I suppose it was a good deal and tuk-tuks were the best way to see the city. They make a noise that can beat their Indian counterparts hands down, but it was more exciting to ride on a open tuk-tuk. The young driver put in all his energy, drove rapidly through the clean roads to the office, stopping enroute at 7/11 (the convenience stores all over Thailand) for coffee (bought him one too. The cost of coffee at 7/11 is 10 THB), and shot off to the office.
I drew a blank there. I didnt want their itenarary, didnt want to be stuck with their brood of boring family tourists. Refusing to visit the Sleeping Budha, i asked him to drive me to Tha Phra Chand where I could catch a ferry to Thonburi on the other side of the river. It was the most sensible thing to do anyway.

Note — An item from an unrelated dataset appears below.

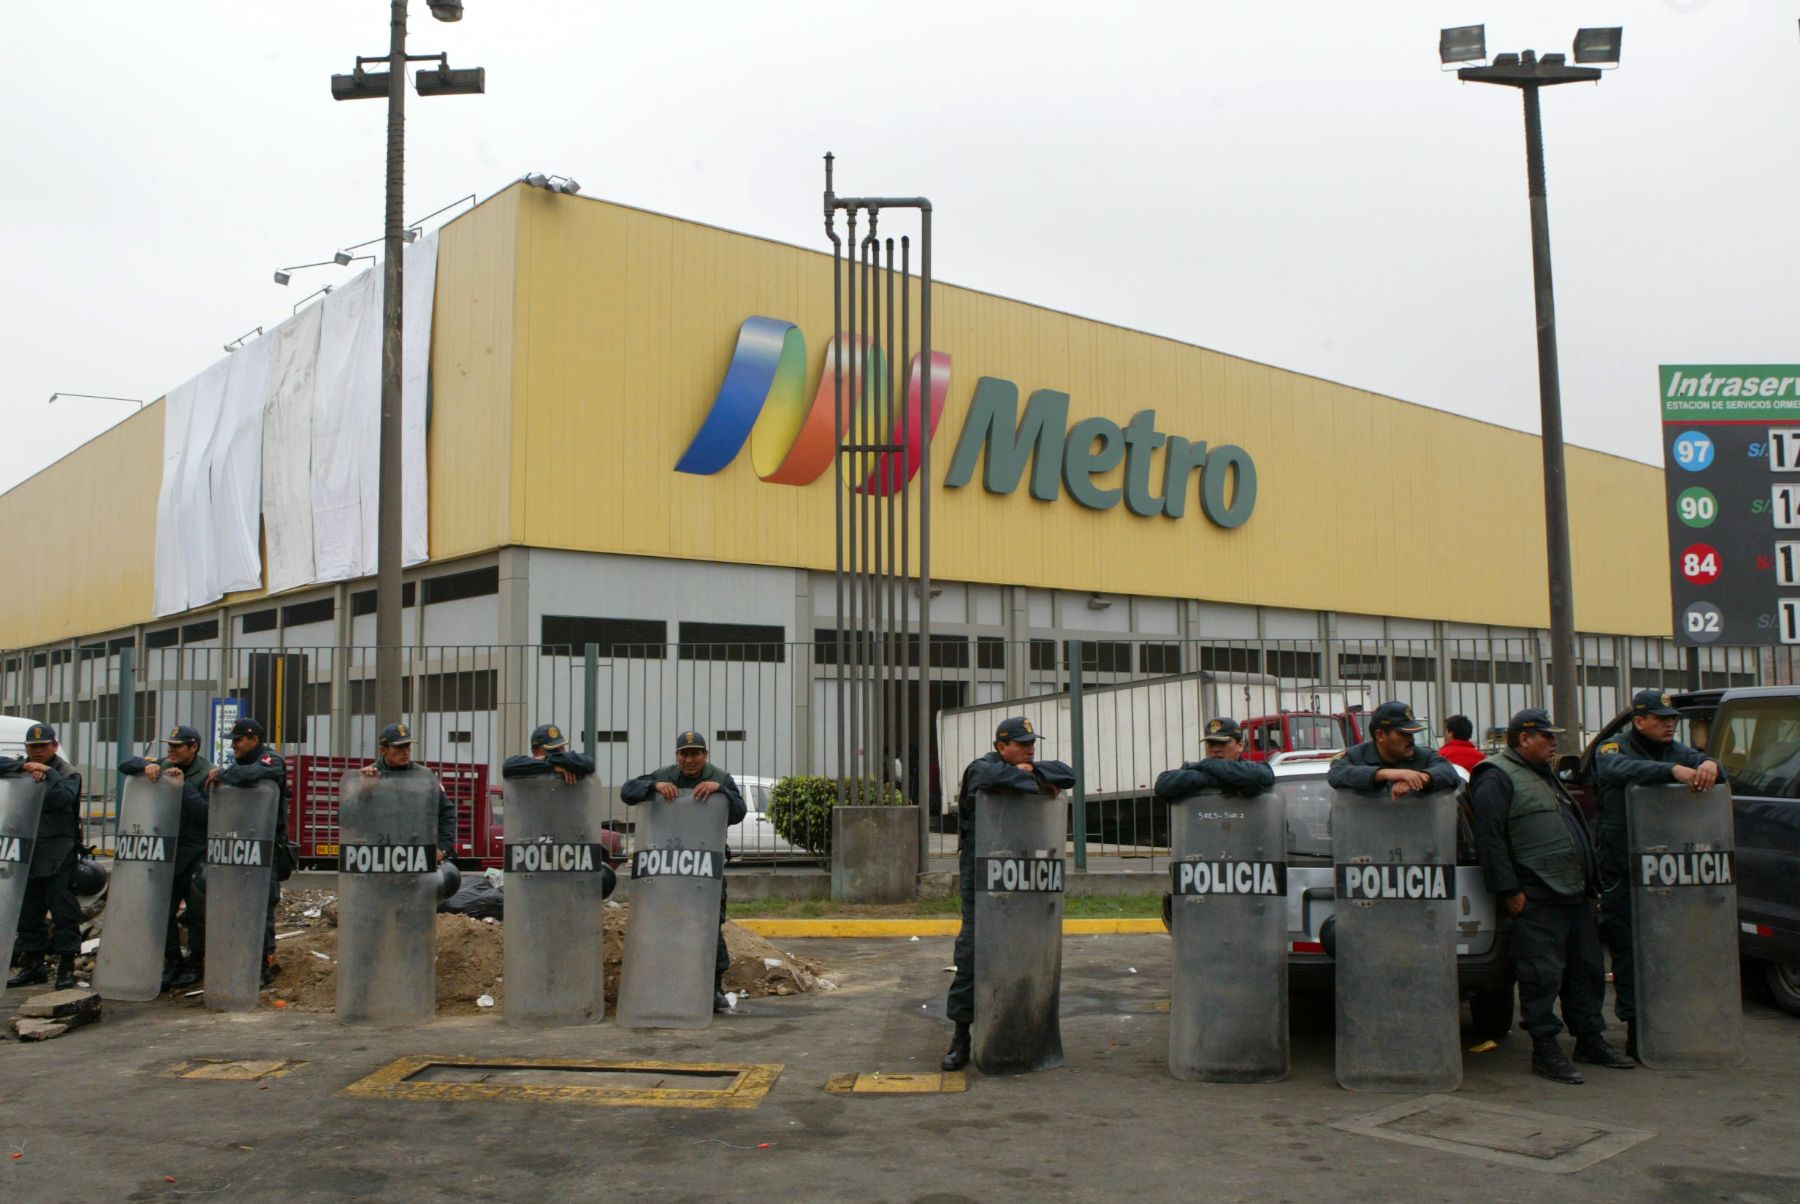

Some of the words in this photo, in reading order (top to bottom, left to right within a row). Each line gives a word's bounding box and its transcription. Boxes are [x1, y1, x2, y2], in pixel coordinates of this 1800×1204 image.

Tha Phra Chand is in close proximity to the Grand Palace, the university, the Supreme Court and the office of the attorney general, but has its own presence as the point of ferry-boarding. It is busy.
While looking for a washroom, I met Mrs Supawadee Maspong. I sought her out of the hundred of other people milling about, because she looked like she knew English. I had to make myself understood that I needed a loo.
Yes, She knew English. She was nice and friendly, in a deep maroon skirt and blouse, Thai style with a single strand of pearl necklace. She knew where to find a loo. We walked backwards, towards the pier and we got talking.
She was heading to Ayuthya, the former capital of Thailand, a temple town, and asked if i would like to come along. I hated to miss the train to kanchanaburi and ayuthya did not feature on my plans but heck, why not? I didnt have a destination, and here was a free ride (and back too maybe). I could always take the early morning train.
So to Ayutya I went with her. Mrs Supawadee Maspong (I called her Pari) happened to be the Chief Provincial Public Prosecutor of Ayuthya Province!
Meandering through the heavy traffic, we reached Ayuthya through the expressway after paying tolls at four different booths (total about 90THB). Thats how I reached Ayuthya.